▸ Directions for this task
When you restate the records, do so word for word and omit any picture they contain.

++++ Task data

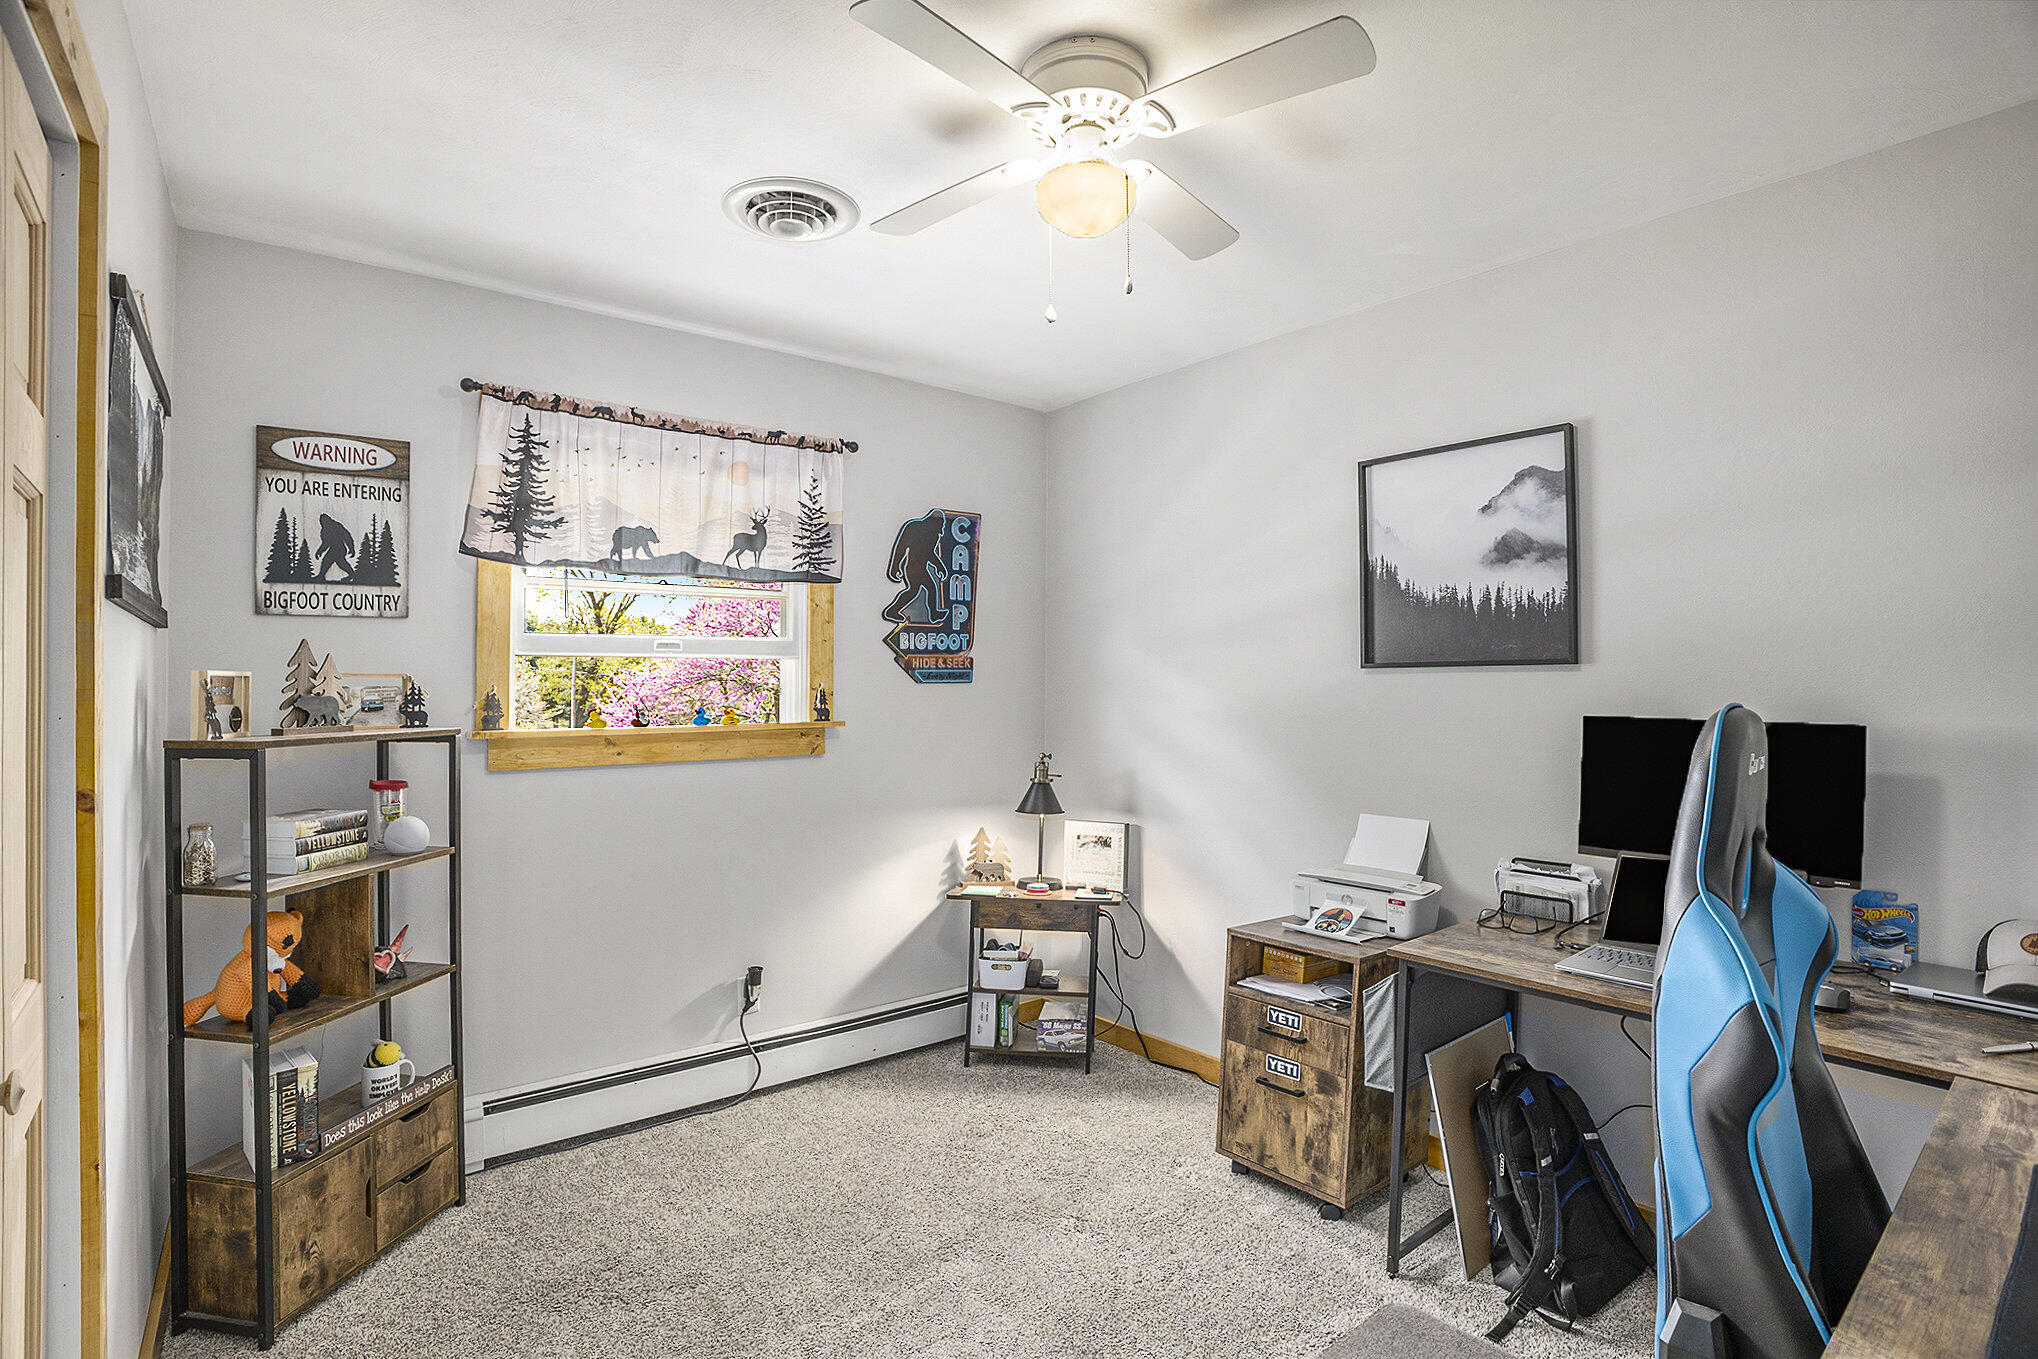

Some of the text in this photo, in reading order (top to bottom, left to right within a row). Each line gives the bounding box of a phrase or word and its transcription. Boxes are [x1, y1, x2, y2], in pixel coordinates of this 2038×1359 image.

[292, 441, 378, 466] WARNING
[265, 477, 402, 503] YOU ARE ENTERING
[949, 516, 972, 631] CAMP
[263, 590, 401, 611] BIGFOOT COUNTRY
[899, 632, 970, 651] BIGFOOT
[912, 657, 971, 668] HIDE & SEEK
[306, 829, 360, 850] YELLOWSTONE
[1270, 1009, 1299, 1028] YETI
[1268, 1057, 1298, 1077] YETI
[282, 1082, 298, 1154] YELLOWSTONE
[324, 1127, 346, 1147] Does
[348, 1116, 365, 1134] this
[366, 1106, 383, 1124] look
[384, 1099, 400, 1115] like
[400, 1092, 413, 1105] the
[414, 1082, 431, 1098] Help

++++++++

▸ Finished task
Some of the text in this photo, in reading order (top to bottom, left to right within a row). Each line gives the bounding box of a phrase or word and its transcription. Boxes are [x1, y1, x2, y2], in pixel coordinates of this 2038×1359 image.

[292, 441, 378, 466] WARNING
[265, 477, 402, 503] YOU ARE ENTERING
[949, 516, 972, 631] CAMP
[263, 590, 401, 611] BIGFOOT COUNTRY
[899, 632, 970, 651] BIGFOOT
[912, 657, 971, 668] HIDE & SEEK
[306, 829, 360, 850] YELLOWSTONE
[1270, 1009, 1299, 1028] YETI
[1268, 1057, 1298, 1077] YETI
[282, 1082, 298, 1154] YELLOWSTONE
[324, 1127, 346, 1147] Does
[348, 1116, 365, 1134] this
[366, 1106, 383, 1124] look
[384, 1099, 400, 1115] like
[400, 1092, 413, 1105] the
[414, 1082, 431, 1098] Help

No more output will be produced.